To Jerry Atrick: If you were to get this site Brave Certified, you could get some money for the hosting. I don’t know if that sounds like too much of a project, I’m not the expert in it, but it sounds like it would be pretty easy.
If you were Certified, then when people use the Brave browser (a chrome fork) to go to the wheel, you’d get some BAT (basic attention token) crypto for it.

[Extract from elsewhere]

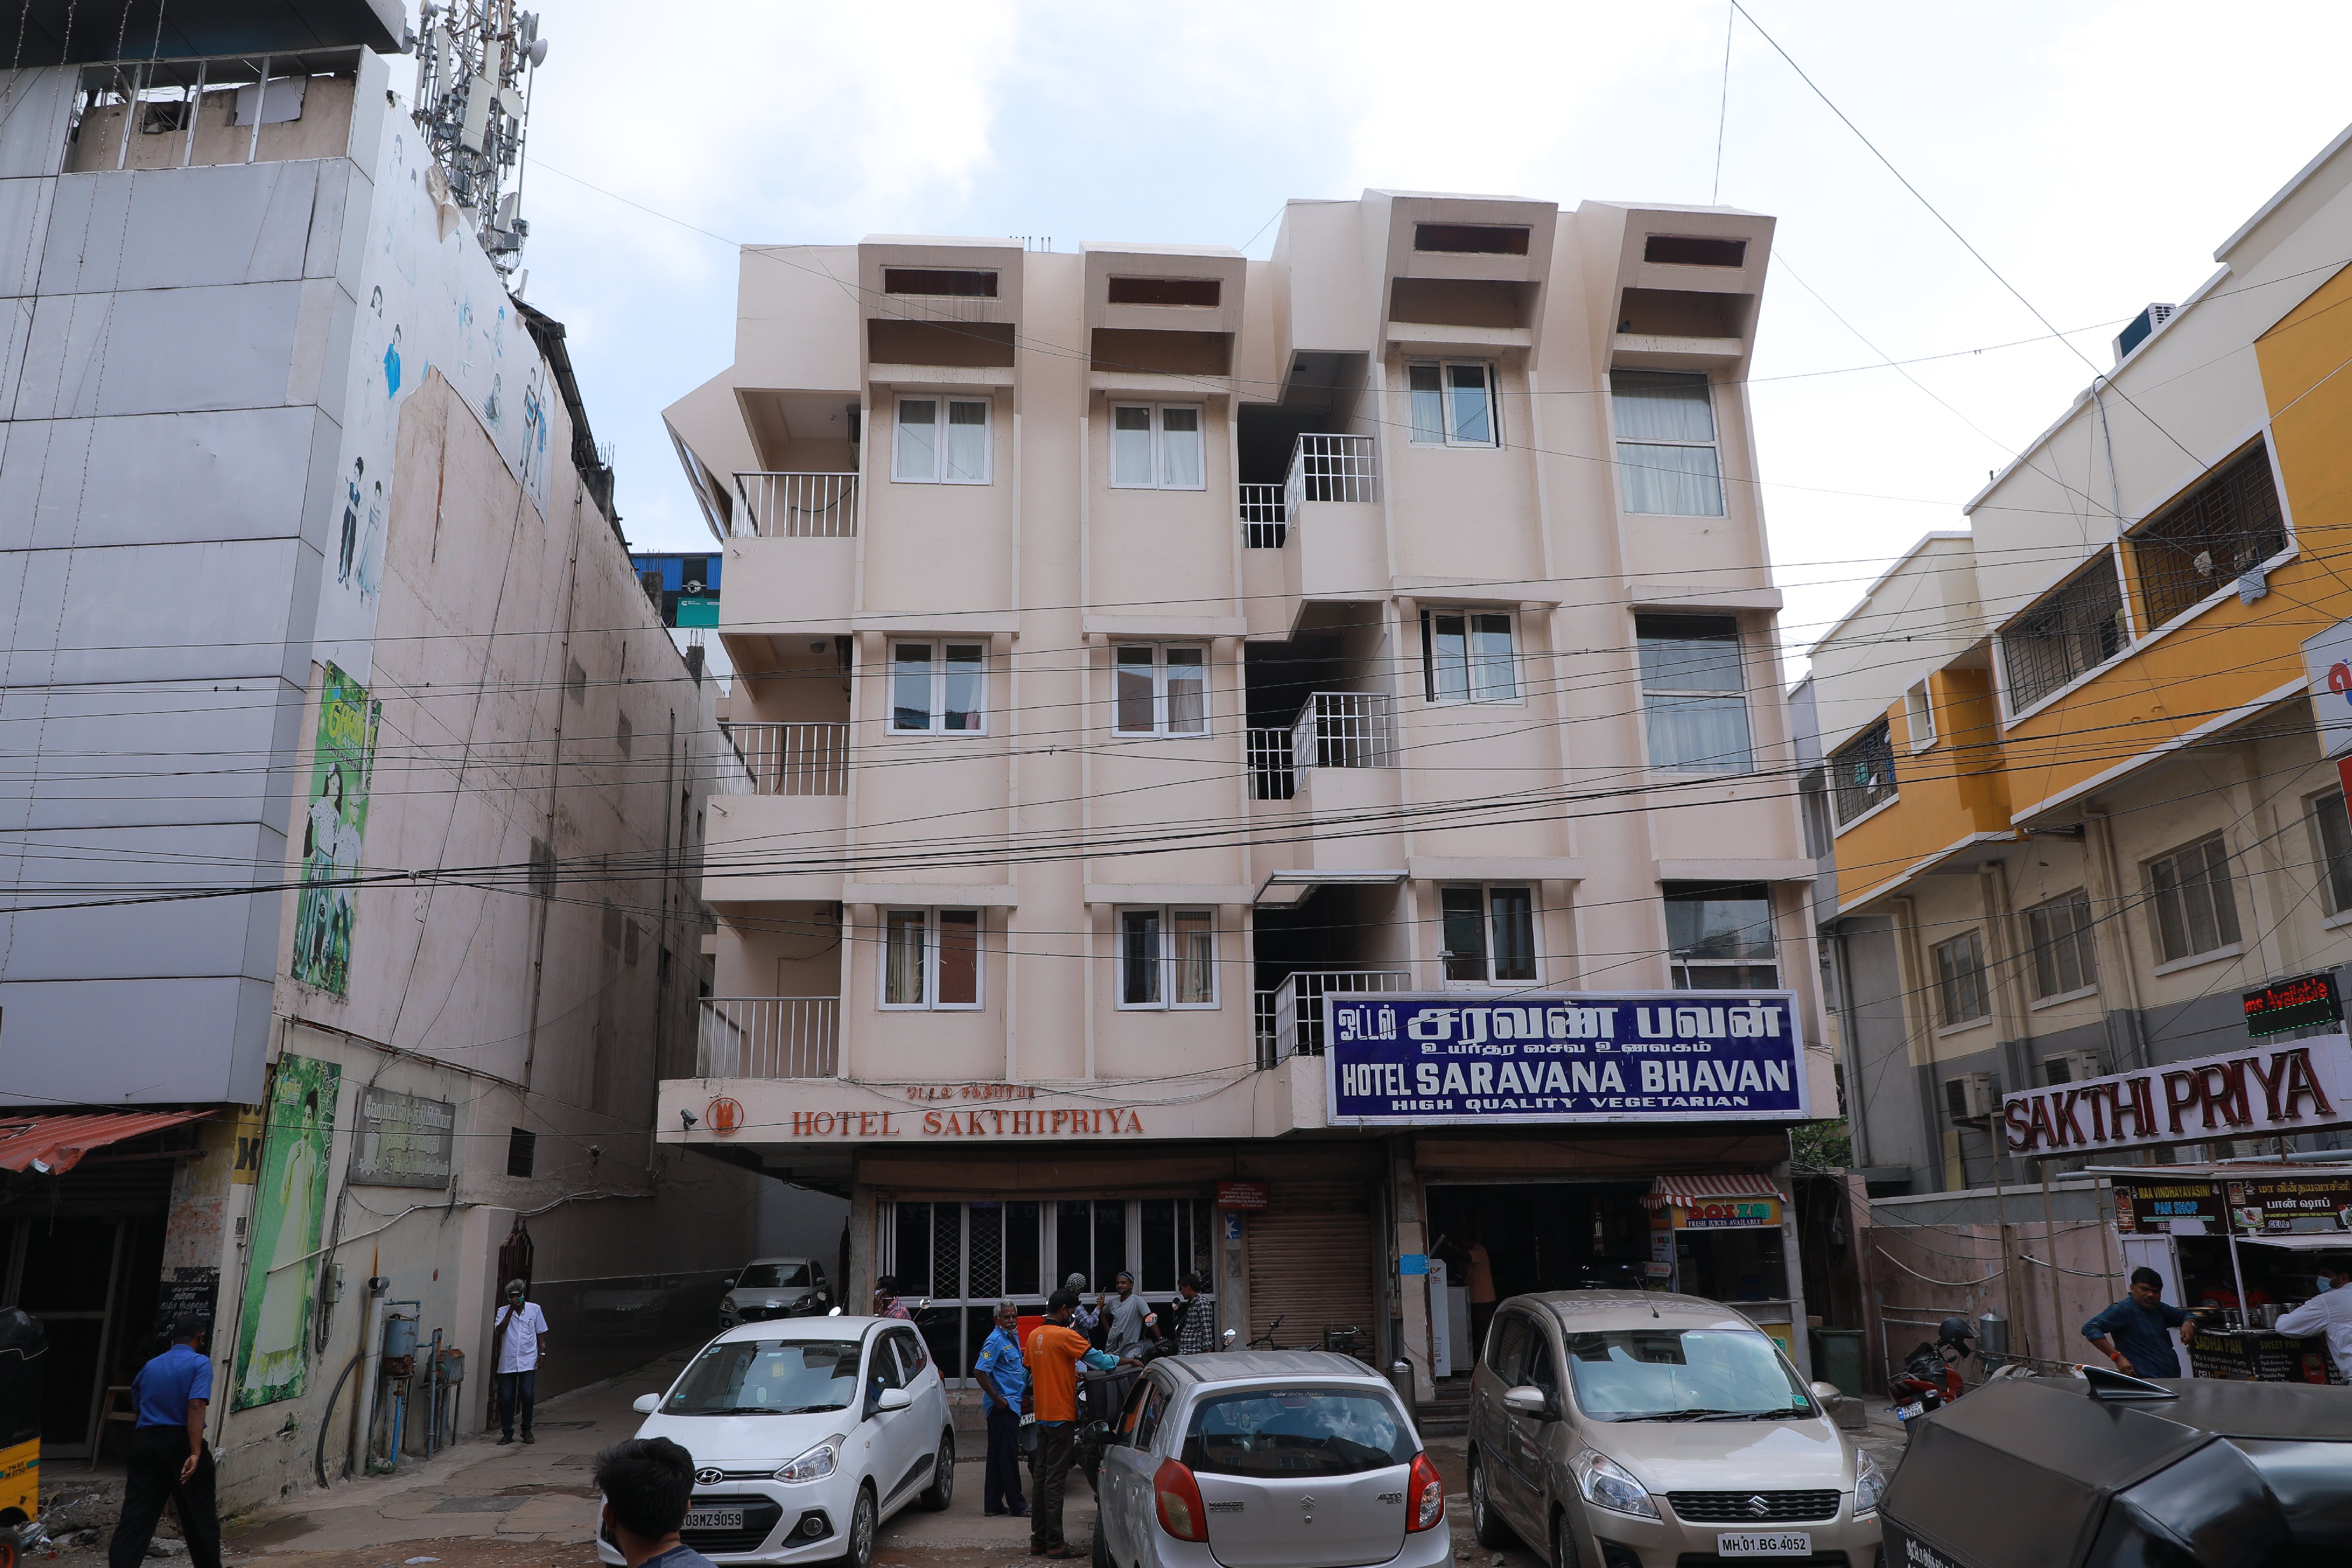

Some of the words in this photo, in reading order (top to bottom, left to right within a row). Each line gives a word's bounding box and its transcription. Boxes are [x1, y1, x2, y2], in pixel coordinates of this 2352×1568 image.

I just got back from a grocery run. I heard that a local Persian market had rice, pasta, fruits, and veggies, so I ventured out. It’s a small market, but everyone -- customers included -- was very friendly and courteous as we navigated the narrow aisles. I wasn’t able to get everything, so I stopped by Trader Joe’s. I got back in my car when I saw they had a line to get in. So I stopped by the Ralph’s on my way home -- they also had a line. Next stop, Smart & Final -- yep, another line. I think I’ll wait a few days and try again.
We had friends over for dinner last night, in contravention of Gov. Nuisance’s orders. It was a wonderful time and something we all needed. I’m used to the isolation of working at home, but I can feel the stress it’s putting on the rest of the family.

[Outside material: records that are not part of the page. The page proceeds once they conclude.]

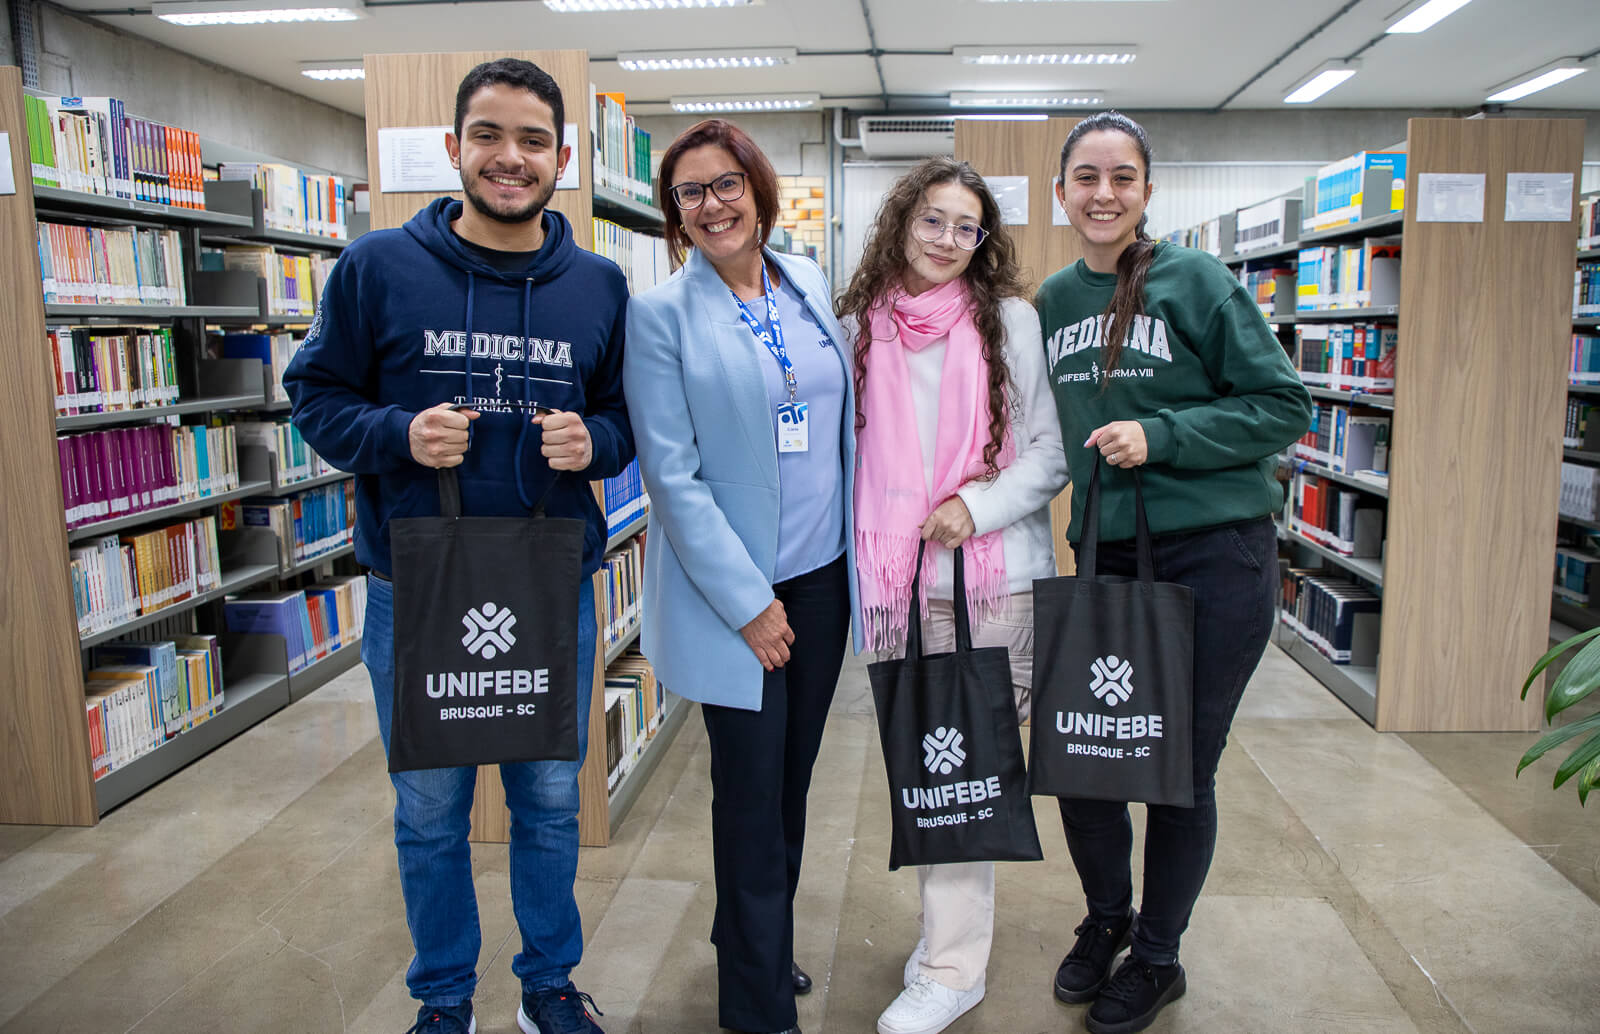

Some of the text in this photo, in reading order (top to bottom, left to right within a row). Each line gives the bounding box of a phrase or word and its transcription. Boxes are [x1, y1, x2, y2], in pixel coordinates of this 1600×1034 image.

[1138, 368, 1154, 377] VIII
[426, 668, 549, 699] UNIFEBE
[440, 705, 503, 721] BRUSQUE
[516, 703, 536, 716] SC
[1056, 711, 1163, 740] UNIFEBE
[1067, 743, 1124, 759] BRUSQUE
[1134, 746, 1151, 758] SC
[902, 775, 1002, 810] UNIFEBE
[917, 812, 968, 828] BRUSQUE
[977, 807, 994, 820] SC

I see that the numbers of those tested for the Chinese virus and the number of people dying from the Chinese virus are both going up. And I came up with a simple solution -- stop testing.
Brings to mind an argument I often heard for socialized medicine, that the child mortality rate was lower in countries with government controlled healthcare. What they missed or ignored was that those countries did not try to save many babies we do here. They counted them as stillborn and dumped them. It helps the child death stats but a lot of babies die that would be saved here. Same thing in gun control and crime. I read that one reason UK crime rates look so good is the way they are counted. Here if I rob five banks that is counted as five bank robberies, but in UK that would be one crime of robbing five banks.

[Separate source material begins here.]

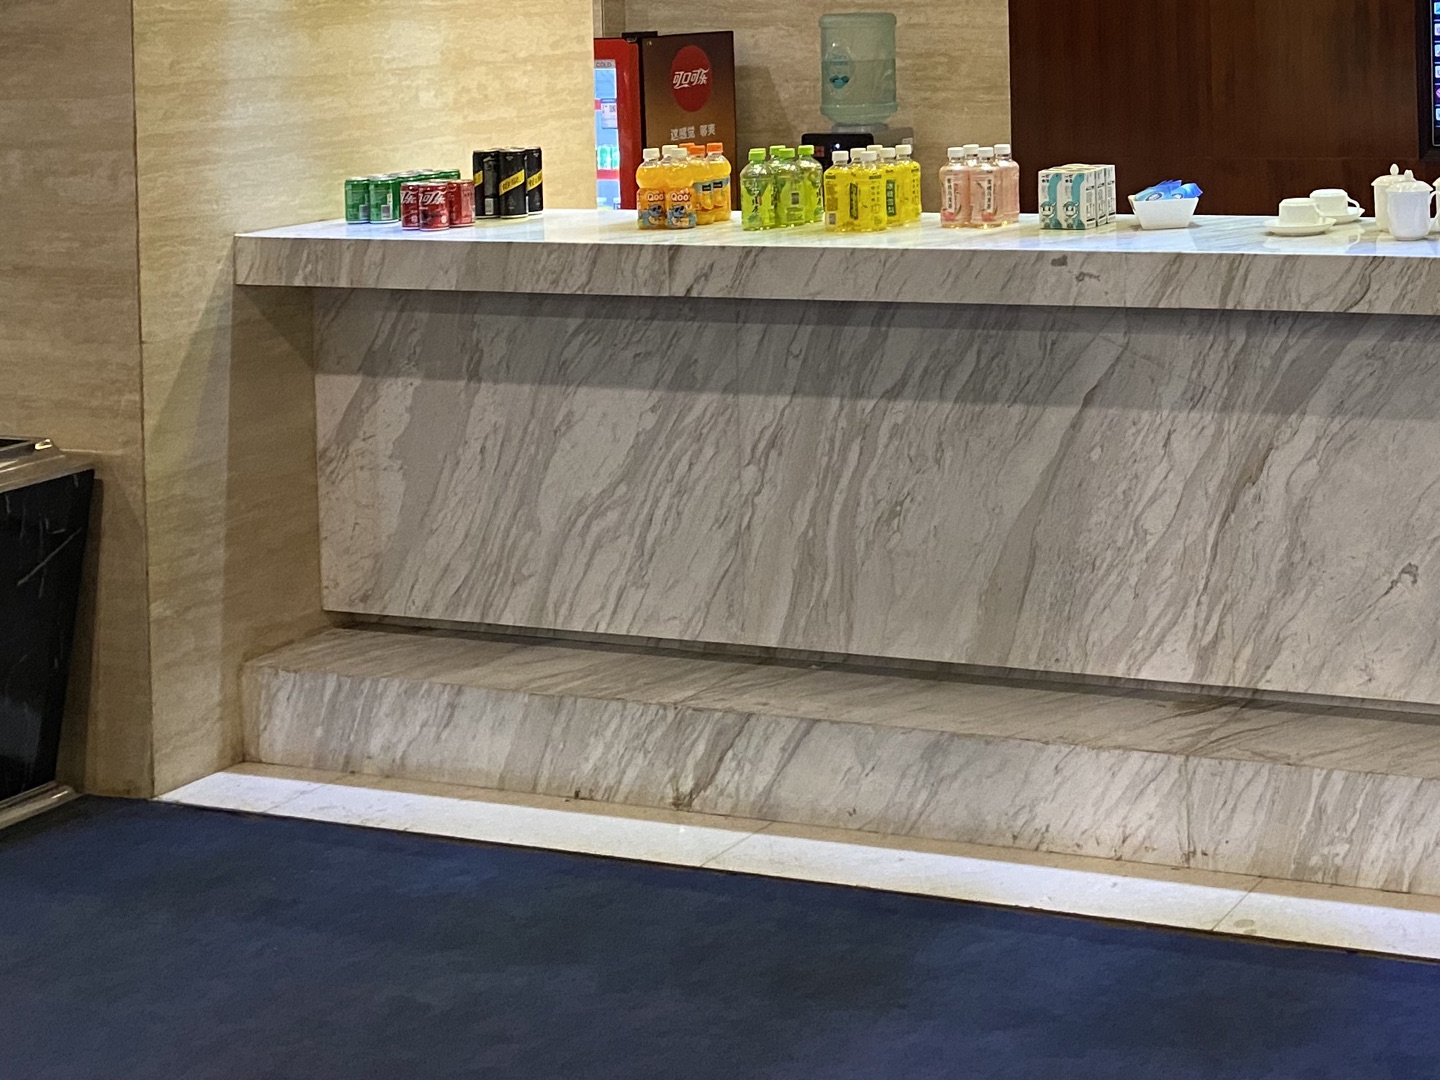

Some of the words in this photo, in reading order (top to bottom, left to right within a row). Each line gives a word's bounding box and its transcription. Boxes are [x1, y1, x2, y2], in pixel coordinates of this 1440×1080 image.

[672, 68, 710, 89] 可口可乐
[670, 125, 695, 141] 这感觉
[670, 192, 690, 202] Qoo

Like Obama’s unemployment rates dropping, not because people found jobs but because they were out of work so long the unemployment benefits ran out.
It’s so wonderful to see you here! Nice beans for everyone! I’m so happy, this is a wonderful place…
Thank you for keeping Teh Wheel spinning, Jerrie. Thank you from the bottom of my heart. You’ve done a good thing here, Sir.
OK, I’m going to try and get some sleep. Early to rise means early to bed.
Good night wheelies : )
And clearly, I haven’t had enough naps today! Goodnight, Gentle Mac. Goodnight, Wheelizens.
I leave the place in your capable hands.
Good night, Harper and dv8! Rest well, tomorrow’s another day.